Trumponomics 2.0 e o retorno à America First

Crédito: Images Money/Flickr

Por Fábia Muneron Busatto* [Informe OPEU] [Eleições 2024] [Economia Trump]

Bidenomics vs. Trumponomics 

Os anúncios de campanha do candidato ex-presidente Donald Trump não deixam dúvidas a respeito de seu apelo nacional-econômico aos eleitores. Suas campanhas televisivas focam na dificuldade econômica que as famílias encontram para se sustentar: o preço proibitivo da gasolina, das compras do mercado, do mercado imobiliário. Anúncios deste estilo, como o do vídeo abaixo, são veiculados em conjunto com manchetes que ligam, de forma pejorativa, as políticas econômicas de Joe Biden às da atual vice-presidente dos Estados Unidos e candidata à Presidência, Kamala Harris.

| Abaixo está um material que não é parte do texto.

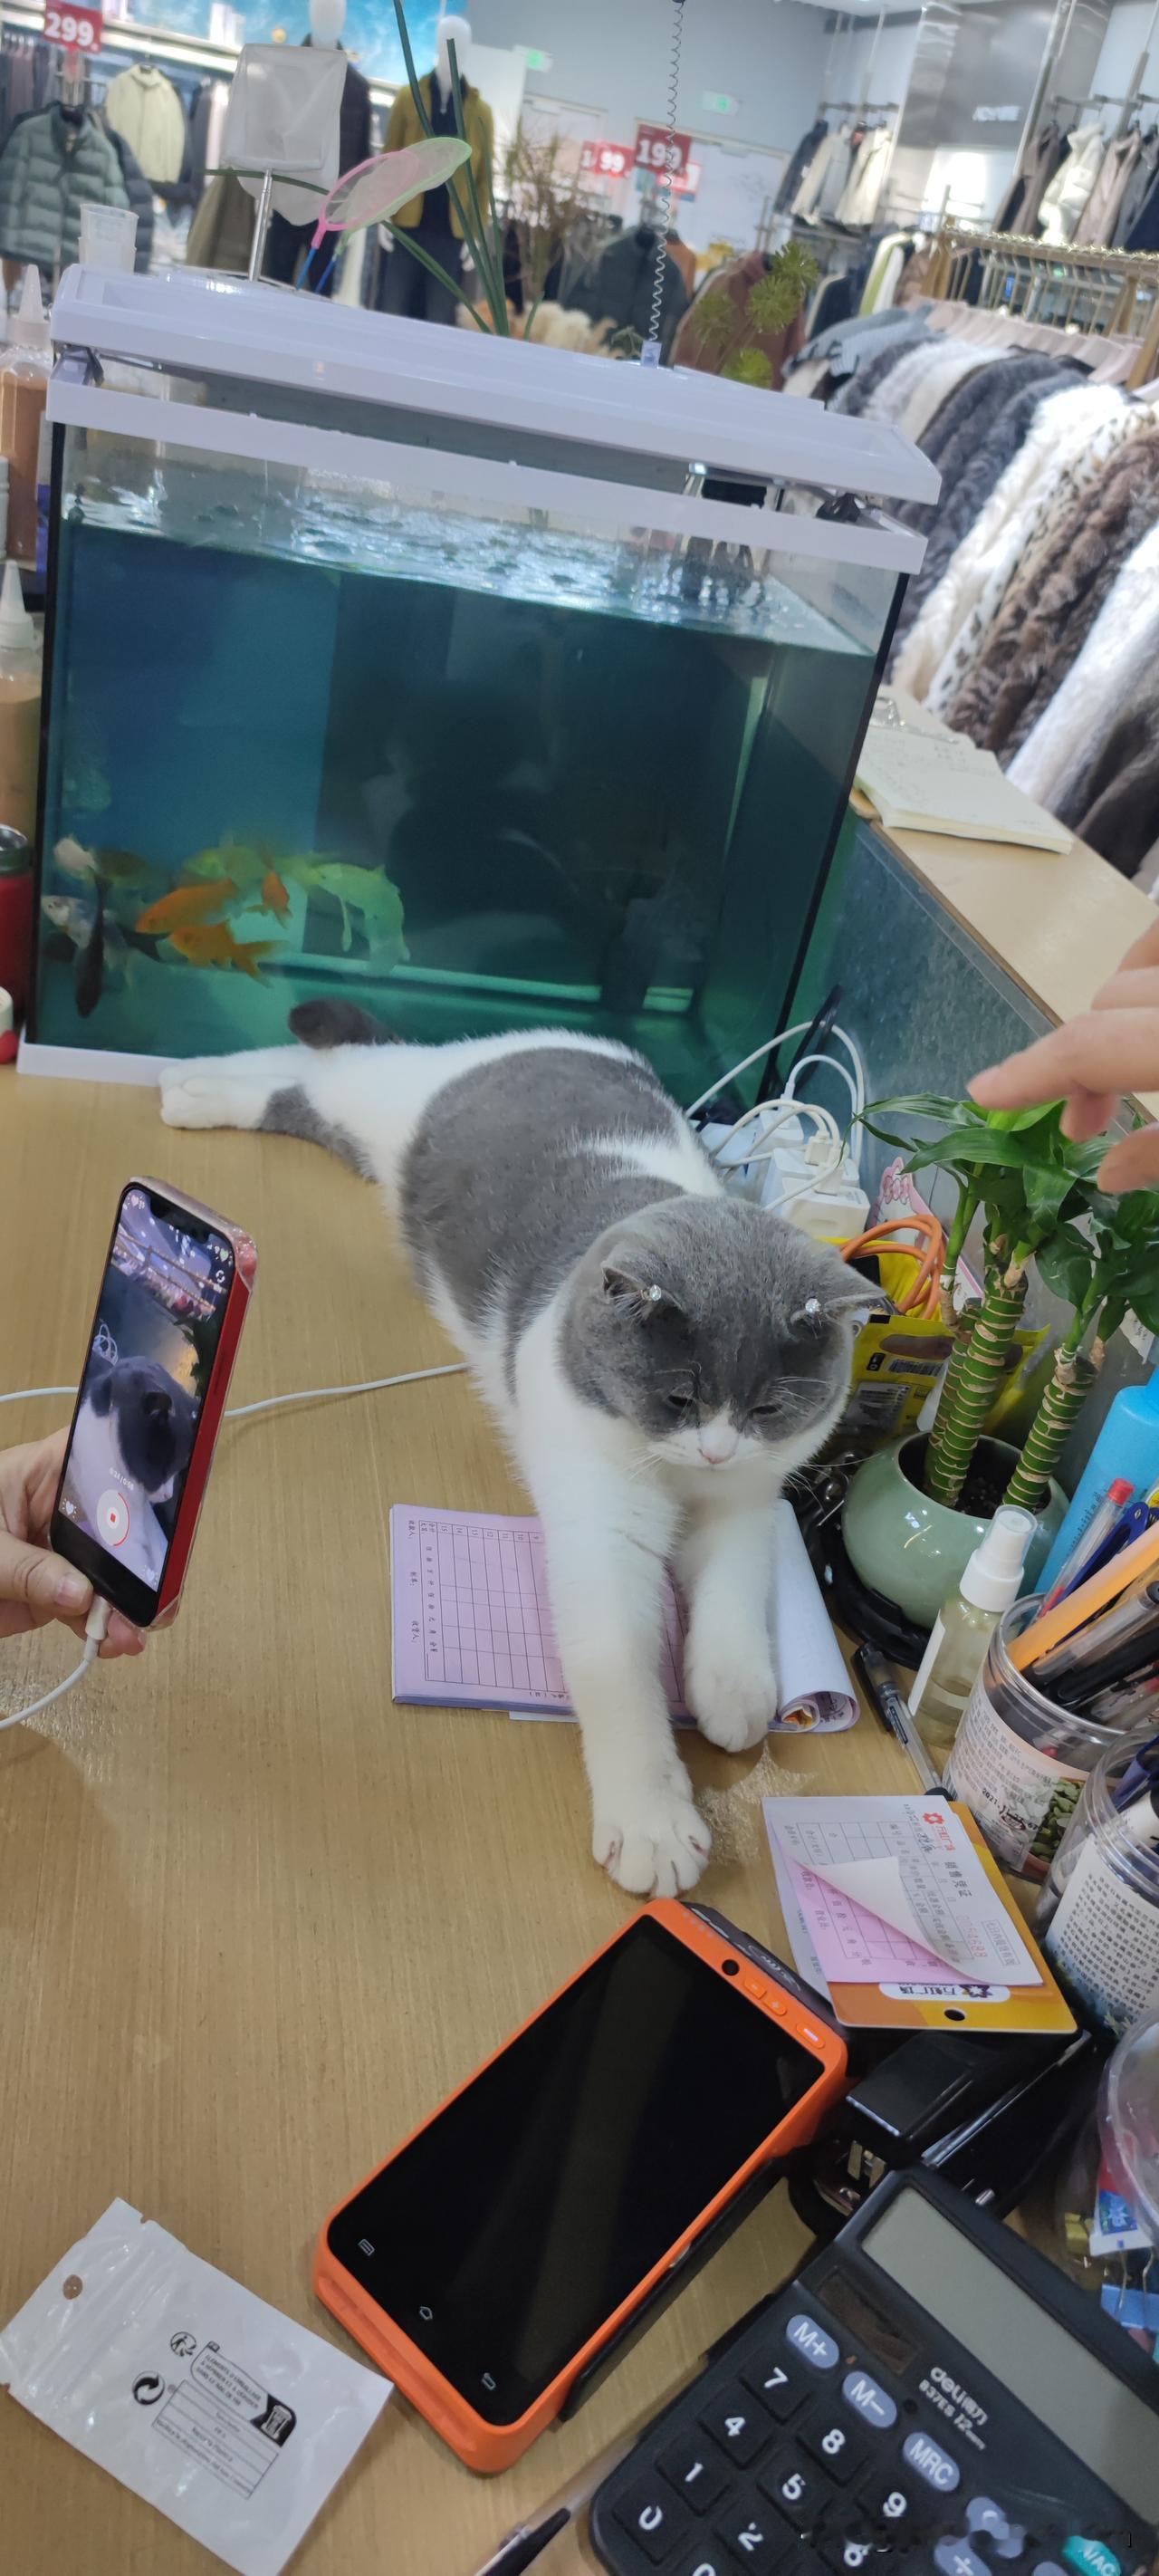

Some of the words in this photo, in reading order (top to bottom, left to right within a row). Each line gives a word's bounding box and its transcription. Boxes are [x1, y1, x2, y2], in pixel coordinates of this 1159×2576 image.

Nos vídeos, Harris aparece em trechos de gravações e discursos proferindo o orgulho das chamadas Bidenomics, enquanto o narrador destaca a suposição de que essas políticas tenham levado o país à maior inflação em 40 anos. Em eventos de campanha, Trump critica a administração Biden/Harris por ter causado uma crise no custo de vida do país.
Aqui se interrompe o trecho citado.